* _Entries provided_:
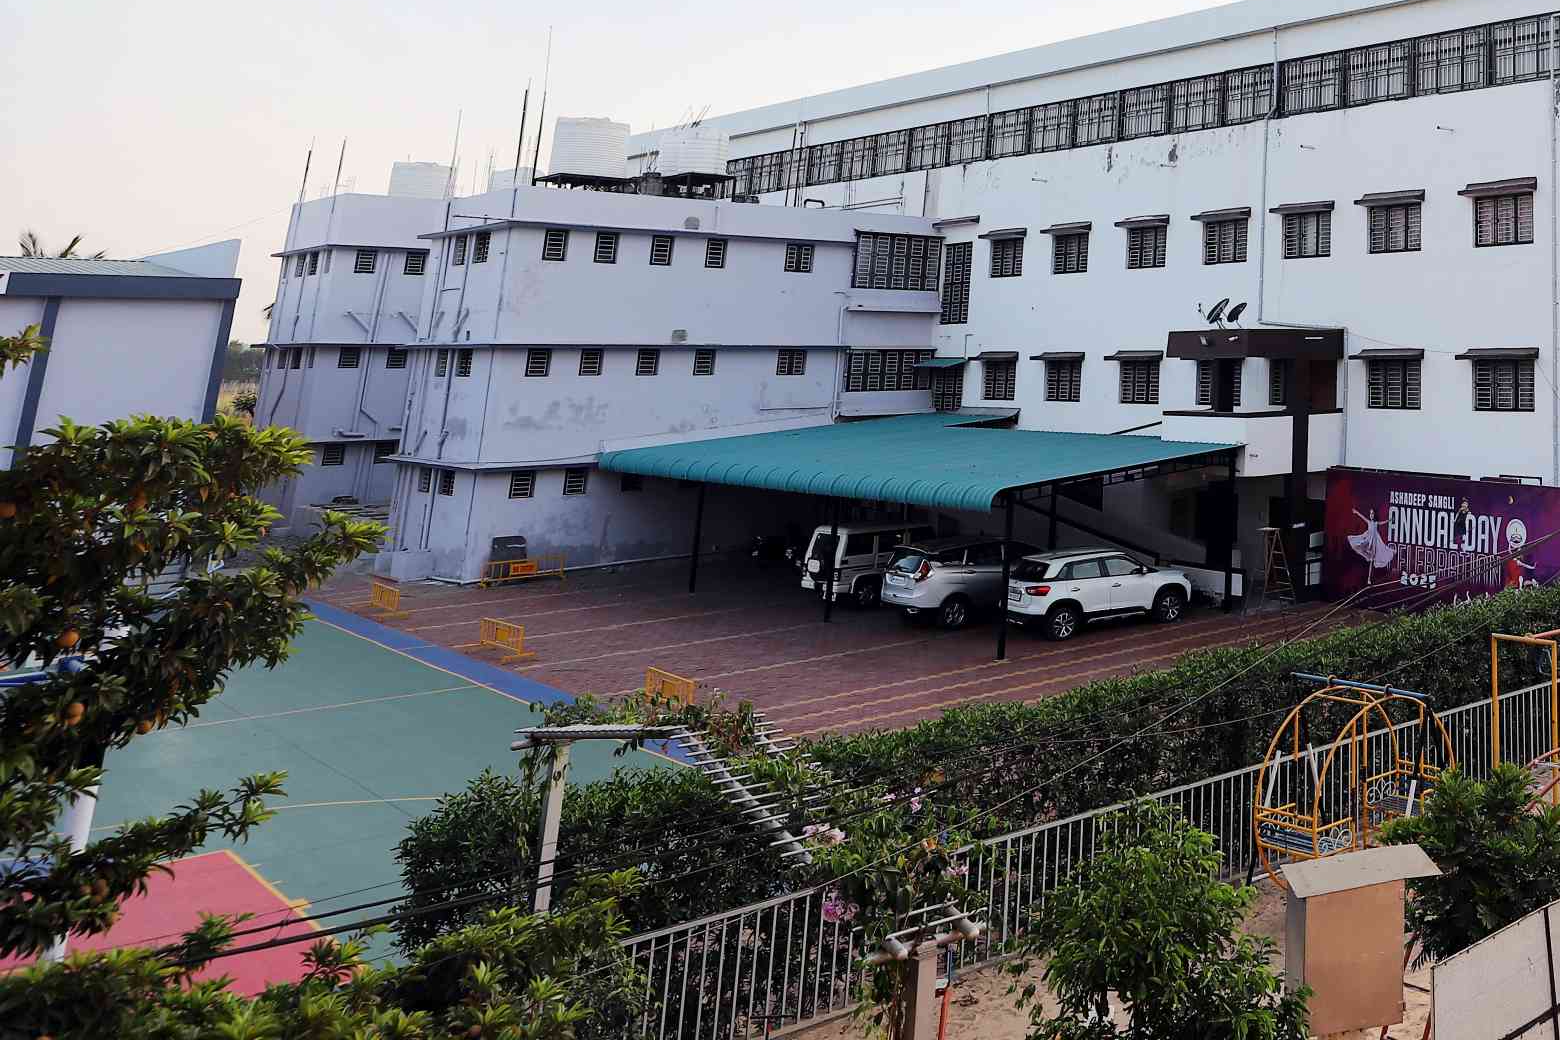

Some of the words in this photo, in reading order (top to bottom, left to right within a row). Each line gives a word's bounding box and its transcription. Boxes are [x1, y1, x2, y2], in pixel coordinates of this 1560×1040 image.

[1390, 491, 1426, 507] ASHADEEP
[1428, 494, 1455, 510] SANGLI
[1388, 506, 1458, 550] ANNUAL
[1461, 513, 1502, 555] DAY
[1400, 571, 1437, 589] 2025
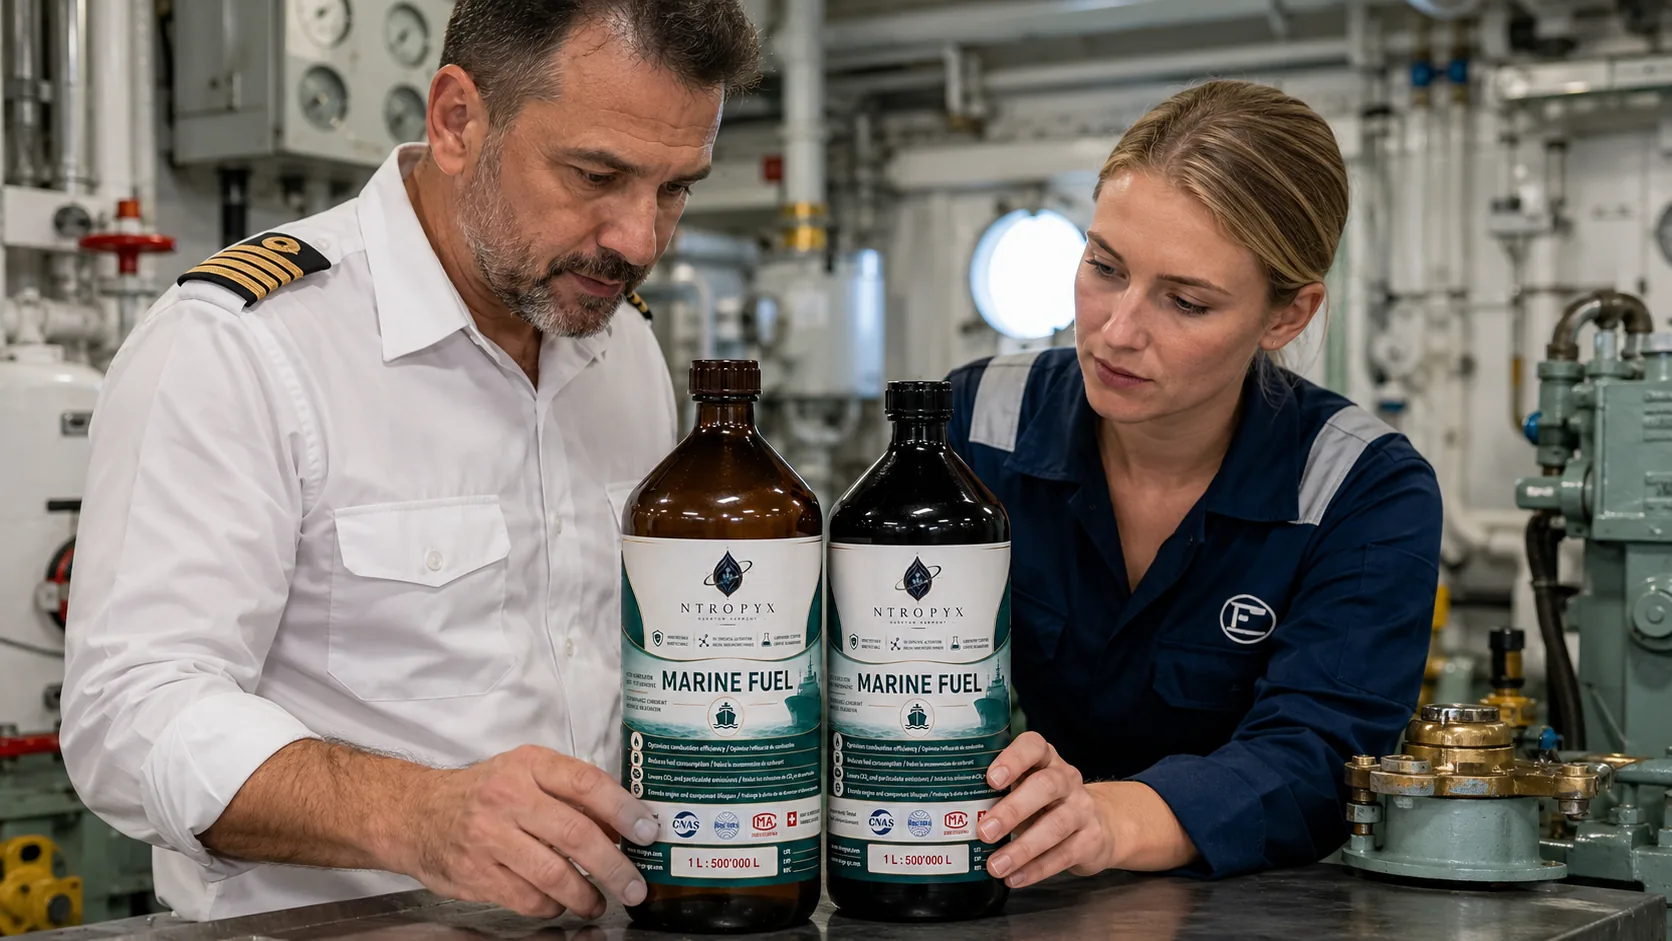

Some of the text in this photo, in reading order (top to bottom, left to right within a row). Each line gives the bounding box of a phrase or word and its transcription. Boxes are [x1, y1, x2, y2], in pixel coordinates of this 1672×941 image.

[681, 602, 775, 614] NTROPYX
[873, 607, 964, 618] NTROPYX
[662, 670, 742, 693] MARINE
[748, 669, 793, 692] FUEL
[857, 672, 932, 694] MARINE
[938, 672, 982, 694] FUEL
[700, 744, 725, 753] efficiency
[672, 820, 700, 830] CNAS
[868, 818, 894, 828] CNAS
[688, 857, 760, 869] 1 L : 500'000 L
[883, 854, 952, 865] 1 L : 500'000 L
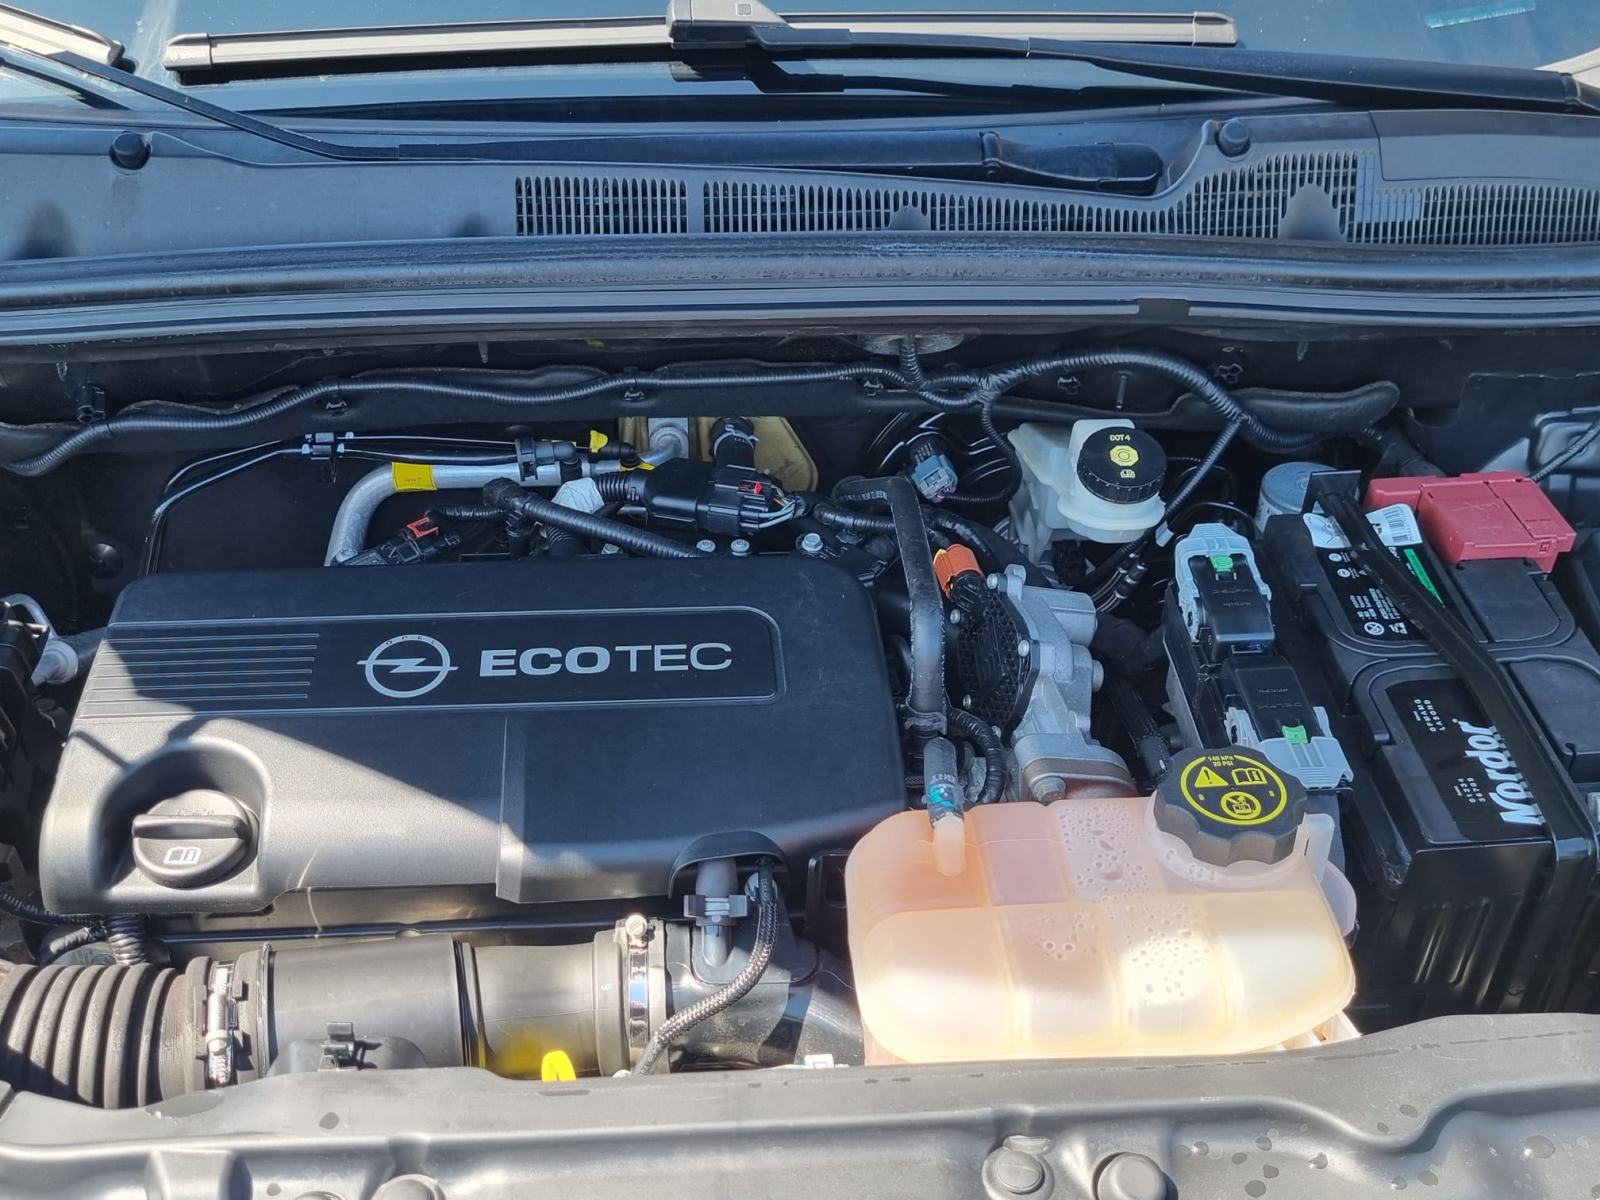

* _Task to complete_: Send back every line of the listing exactly. Omit the images.

* _Answer to the exercise_:
Some of the words in this photo, in reading order (top to bottom, left to right within a row). Each line gives a word's bounding box and its transcription. Boxes are [x1, y1, x2, y2], in pixel coordinates of this 1560×1040 image.

[1390, 491, 1426, 507] ASHADEEP
[1428, 494, 1455, 510] SANGLI
[1388, 506, 1458, 550] ANNUAL
[1461, 513, 1502, 555] DAY
[1400, 571, 1437, 589] 2025

Some of the text in this photo, in reading order (top to bottom, left to right within a row). Each line gives the bounding box of a phrase or word and its transcription. Boxes are [x1, y1, x2, y2], in pixel coordinates of this 1672×941 image.

[681, 602, 775, 614] NTROPYX
[873, 607, 964, 618] NTROPYX
[662, 670, 742, 693] MARINE
[748, 669, 793, 692] FUEL
[857, 672, 932, 694] MARINE
[938, 672, 982, 694] FUEL
[700, 744, 725, 753] efficiency
[672, 820, 700, 830] CNAS
[868, 818, 894, 828] CNAS
[688, 857, 760, 869] 1 L : 500'000 L
[883, 854, 952, 865] 1 L : 500'000 L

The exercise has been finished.